The Equal Rights for Persons with Disabilities Law of 1998 was enacted to change previous welfare oriented legislation and social policies to a rights based regime in line with the social model of disability. The intent is to change the attitude towards people with disabilities and reducing the socioeconomic gaps between them and the rest of the population in the various spheres of life. This law and others also regulate disability pensions, accessibility, therapy, special education, sheltered workshops and assisted living.
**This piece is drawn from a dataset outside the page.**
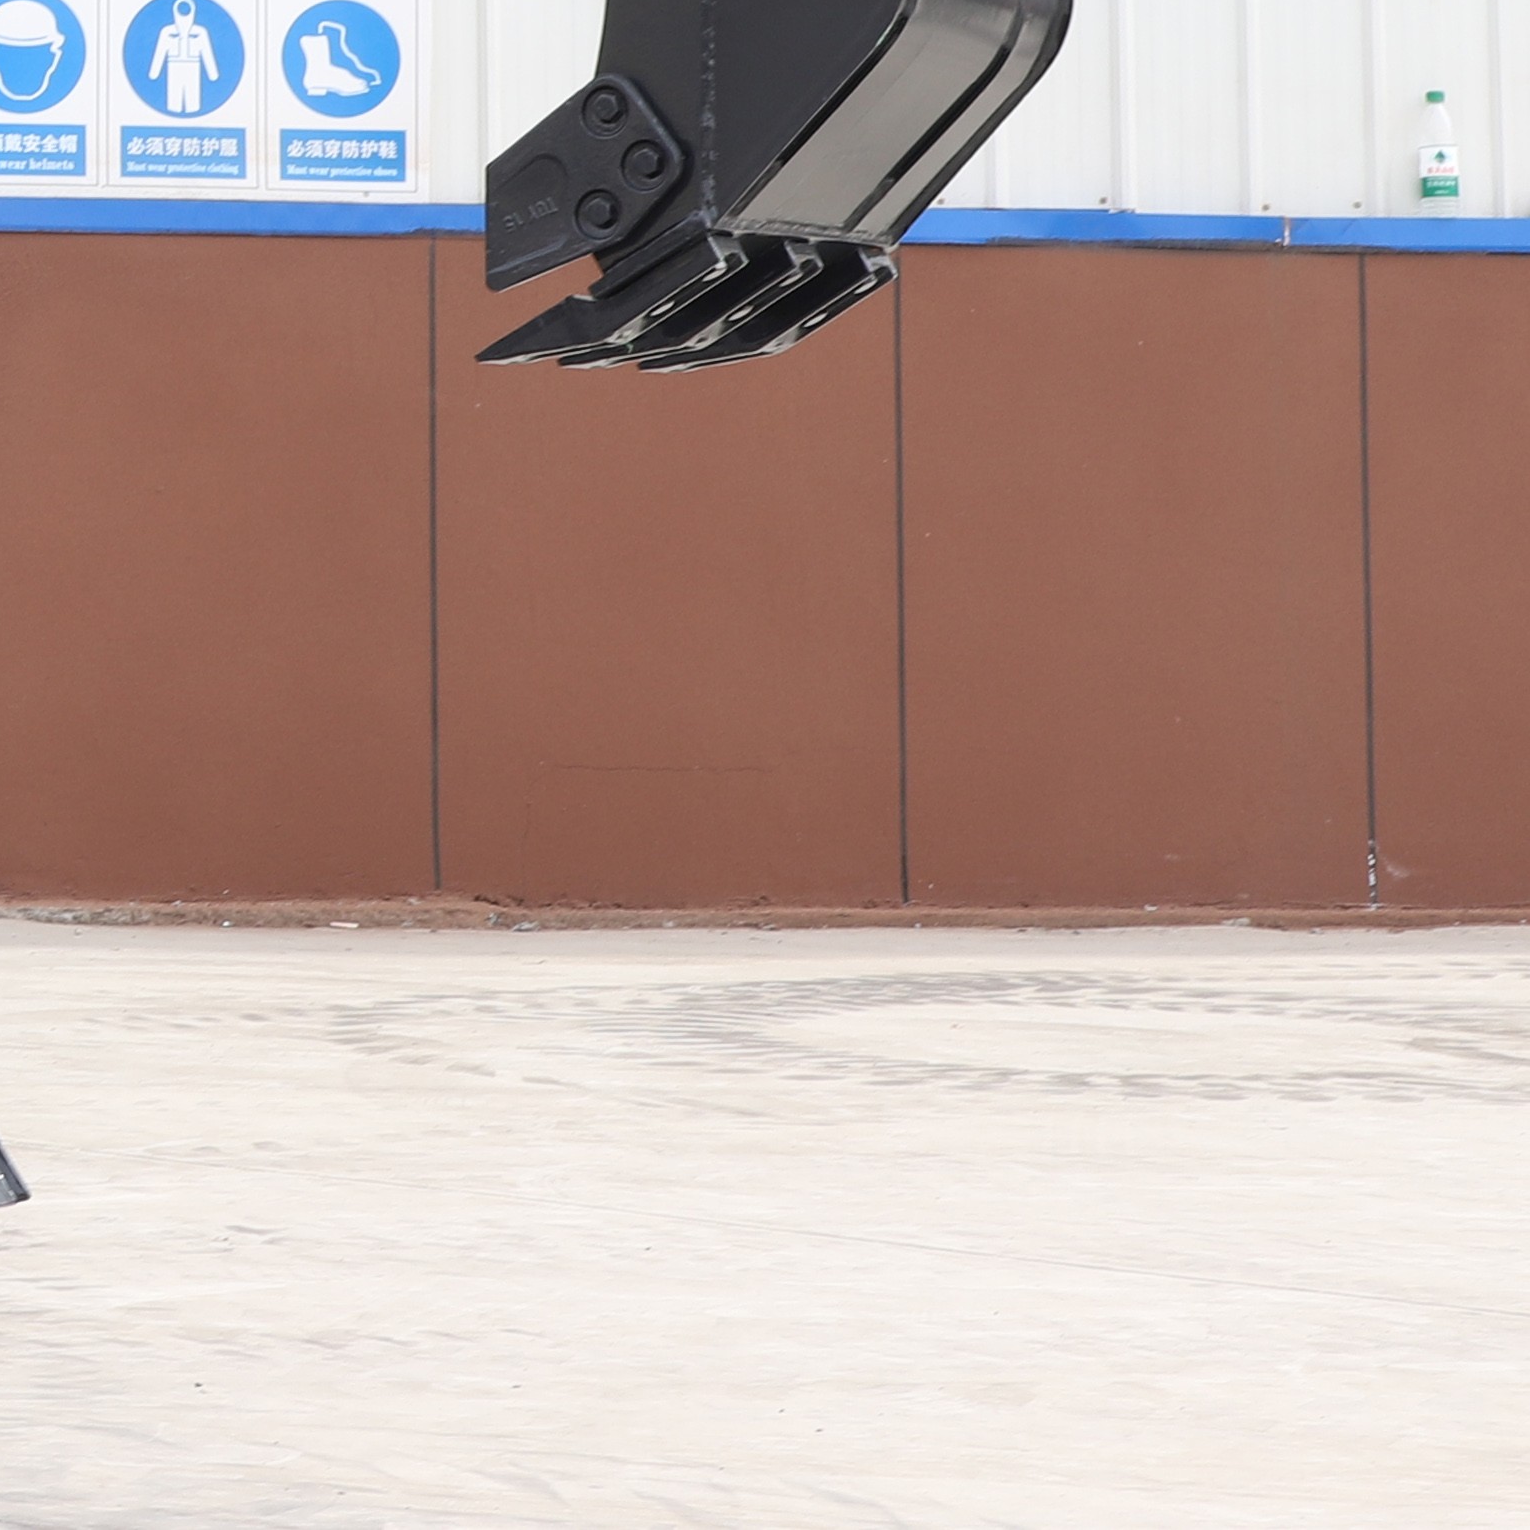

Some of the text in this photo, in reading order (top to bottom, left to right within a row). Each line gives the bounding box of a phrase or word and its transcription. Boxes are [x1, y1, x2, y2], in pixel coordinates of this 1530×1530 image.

[126, 136, 239, 157] 必须穿防护服
[286, 139, 398, 159] 必须穿防护鞋
[0, 159, 27, 170] wear
The Commission for Equal Rights of Persons with Disabilities was created in 2000 under the Ministry of Justice to oversee, promote and enforce disability rights legislation and policy.

==Activism==
Since the beginning of the 21st century, disabled people in Israel, with a population of 250,000, have managed to equalize the disability pension from the Bituah Leumi (National Insurance Institute of Israel) to the minimum wage level in Israel.
In 2017, activists protested the low disability pension by demonstrations, blocking main roads, highways and industries, activity in social networking services, petitions to the High Court of Justice, negotiations with the Government of Israel and bills in the Knesset.

In 2017, a full disability pension was 2,342 ILS. The minimum wage in this year was 5,000 ILS, and in December 2017 it went up to 5,300 ILS per month.

==Sport==

Israeli athletes have participated in every Summer Paralympic Games since 1960 and hosted the 1968 Paralympics in Tel Aviv. As of 2021 Israel have never participated in the Winter Paralympics.